Sweeping School Desegregation Plan Approved in Brooklyn
City officials approved a plan to overhaul admissions in one Brooklyn school district on Thursday, in one of the most striking examples of desegregation under the administration of Mayor Bill de Blasio.
Middle schools will no longer grant admission based on grades, test scores and attendance across District 15, which spans Park Slope, Red Hook and Sunset Park. Enrollment in the coming school year will instead be based on a lottery system that offers preference to English language learners, students from low-income backgrounds and those in temporary housing.
The plan was developed through public engagement sessions over the course of a year, with input from parents in the district, which is more racially diverse than many others. Students currently enrolled in middle schools across District 15 are 42 percent Hispanic, 31 percent white, 12 percent Asian, and 12 percent black, according to city officials.
Schools Chancellor Richard Carranza applauded the effort to make classrooms more reflective of both the racial and economic diversity in the district, and said the plan could serve as a “template” for other districts.

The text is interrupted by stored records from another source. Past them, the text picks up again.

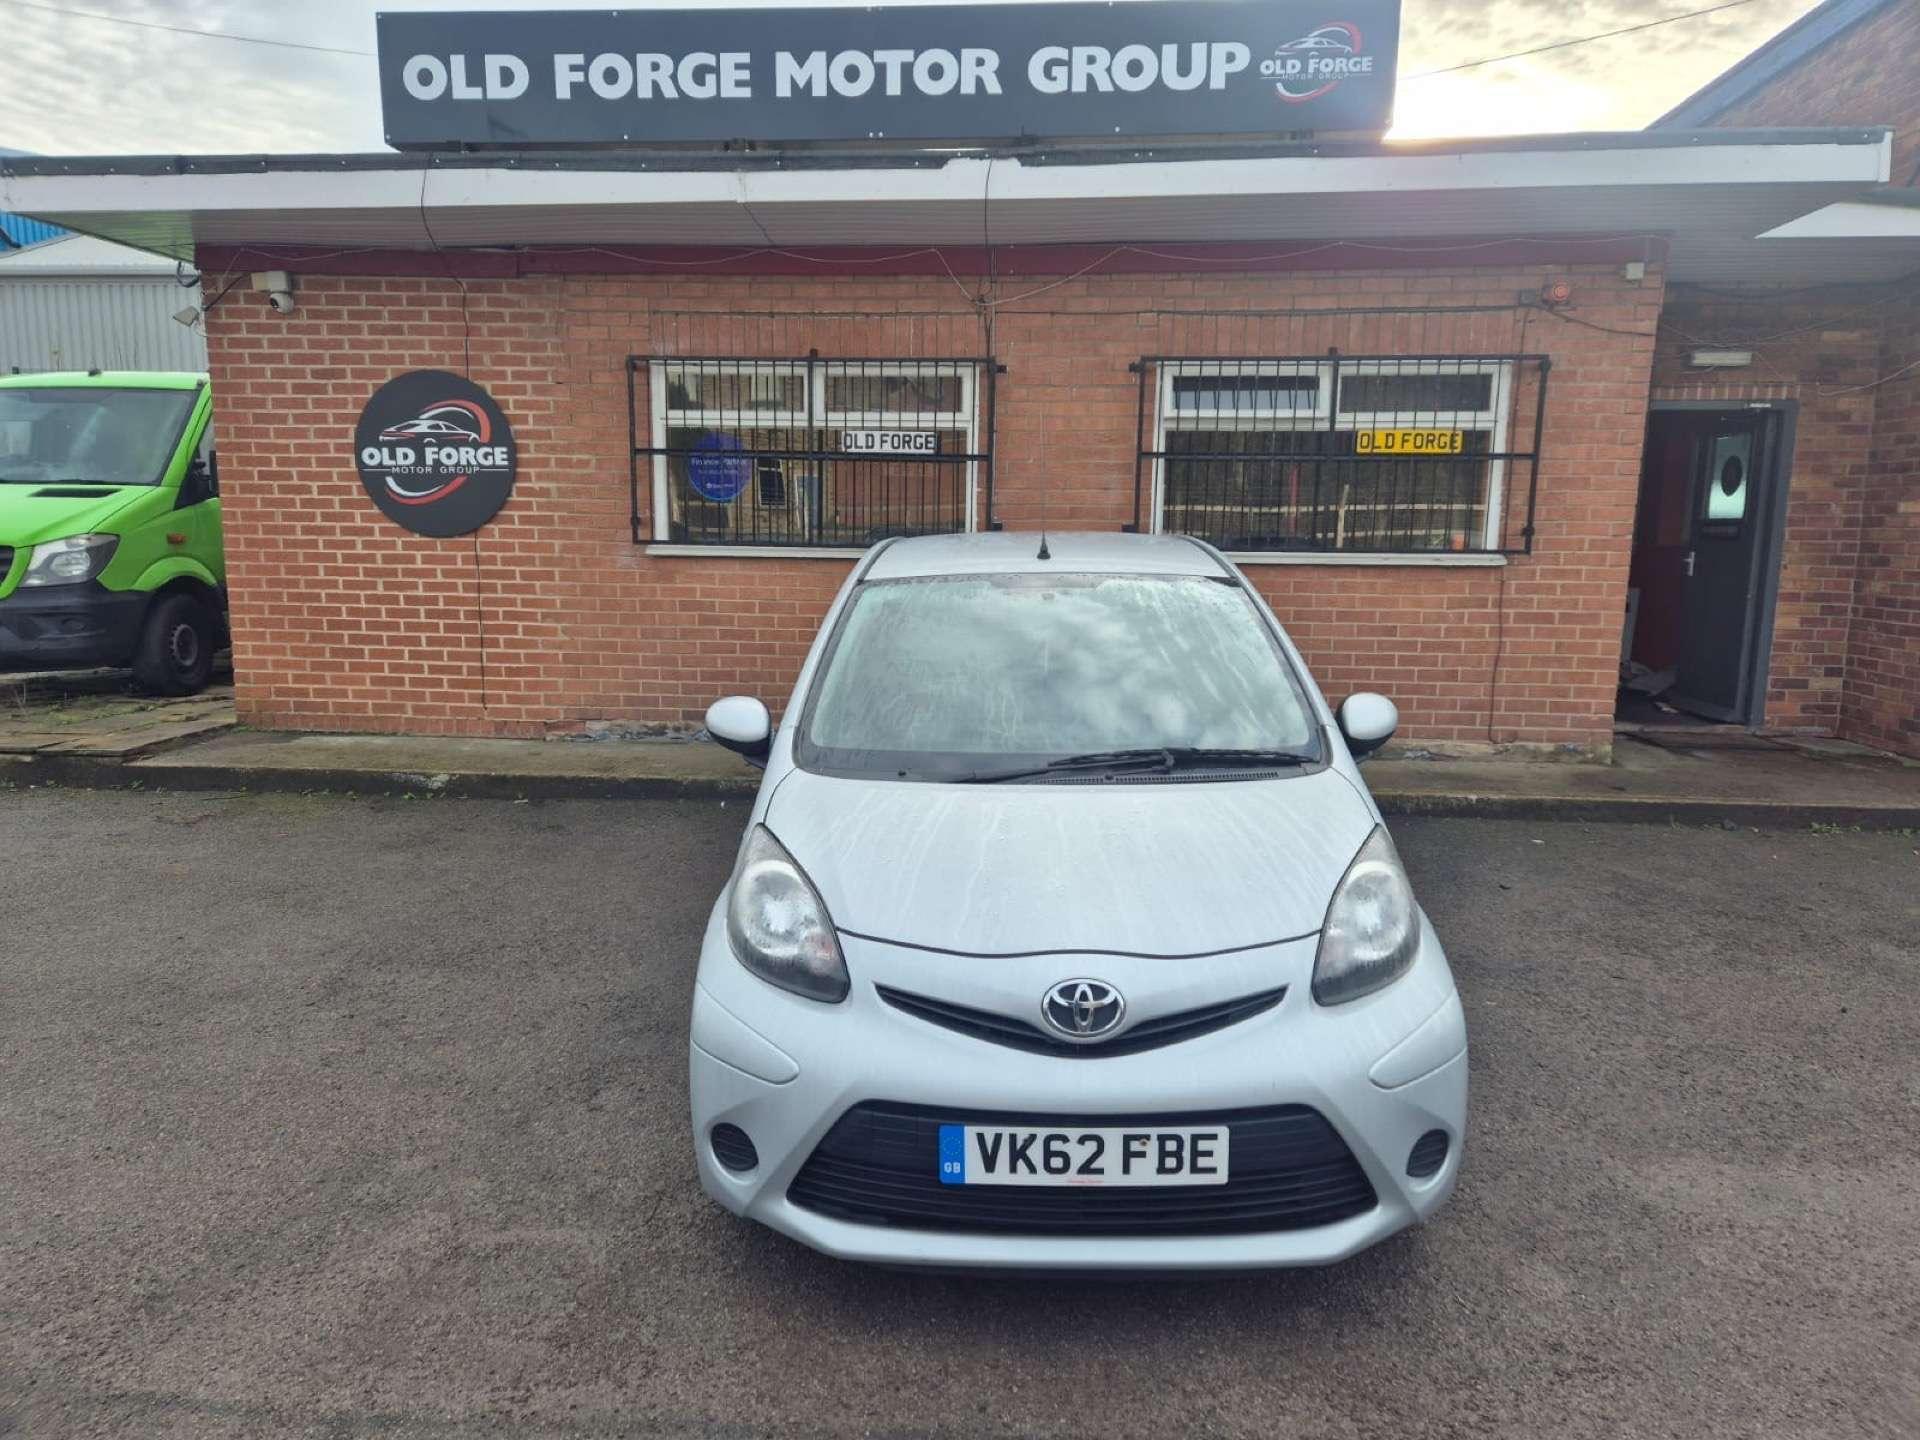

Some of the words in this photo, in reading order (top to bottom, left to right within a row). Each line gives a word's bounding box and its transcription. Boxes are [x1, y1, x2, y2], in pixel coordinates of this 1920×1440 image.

[403, 54, 529, 100] OLD
[553, 52, 751, 99] FORGE
[775, 48, 1002, 98] MOTOR
[1027, 41, 1251, 94] GROUP
[1260, 59, 1301, 75] OLD
[1308, 56, 1373, 73] FORGE
[844, 433, 875, 449] OLD
[880, 433, 936, 450] FORGE
[1360, 432, 1395, 449] OLD
[1401, 432, 1459, 449] FORGE
[361, 447, 416, 466] OLD
[425, 447, 509, 466] FORGE
[391, 466, 433, 474] MOTOR
[440, 466, 480, 474] GROUP
[976, 1132, 1105, 1176] VK62
[1122, 1133, 1219, 1176] FBE
[944, 1162, 960, 1174] GB

"It's a top-down, bottom-up approach,” he said. “From the top, we're signaling that we want communities to do this work and that we'll pay for it. We'll invest in this work."
The plan's approval was announced at M.S. 51 in Park Slope, a school that had been attended by both the mayor’s children. He said he worked with other parents on a plan to better integrate schools in the district 15 years ago, but received “the coldest shoulder” from the Department of Education.
“You can feel in the air that momentum for diversity is growing, momentum for change is growing,” he said. He noted that there has been a similar change in the admissions policy in District 3, which spans the Upper West Side and Harlem. That plan, when it was in the proposal stage, received far more vocal push back from parents. They were concerned that grouping students with varied academic achievements would lower education standards.
Lenore DiLeo, principal of M.S. 51, said teachers are prepared for more diverse classrooms.
She said that if teachers are supported, "I know that they can do greater things to a greater extent to meet the needs — whether it's culturally or academically — to meet the needs of all the students in this district."
Eliza Seki, a seventh grade student involved in developing the desegregation plan, said schools aren’t just about learning from textbooks.
"If everyone has the same experience and the same background, no one is going to learn about things that are going to happen in the real world, especially in such a diverse city,” she said.
Seki said she felt it was important that students like her had a say in the plan. Those leading the charge sought input from across the district, but Neal Zephyrin, a member of the district's community education council, said that the black, Hispanic, and Asian parents who predominate in Red Hook and Sunset Park had been less involved than white parents in Park Slope.
At a recent dismissal time at the Red Hook Neighborhood School, WNYC spoke to more than a dozen parents. Not one had heard of the plan.
In the next phase, the Department of Education will reach out to parents and inform them about their children's school options.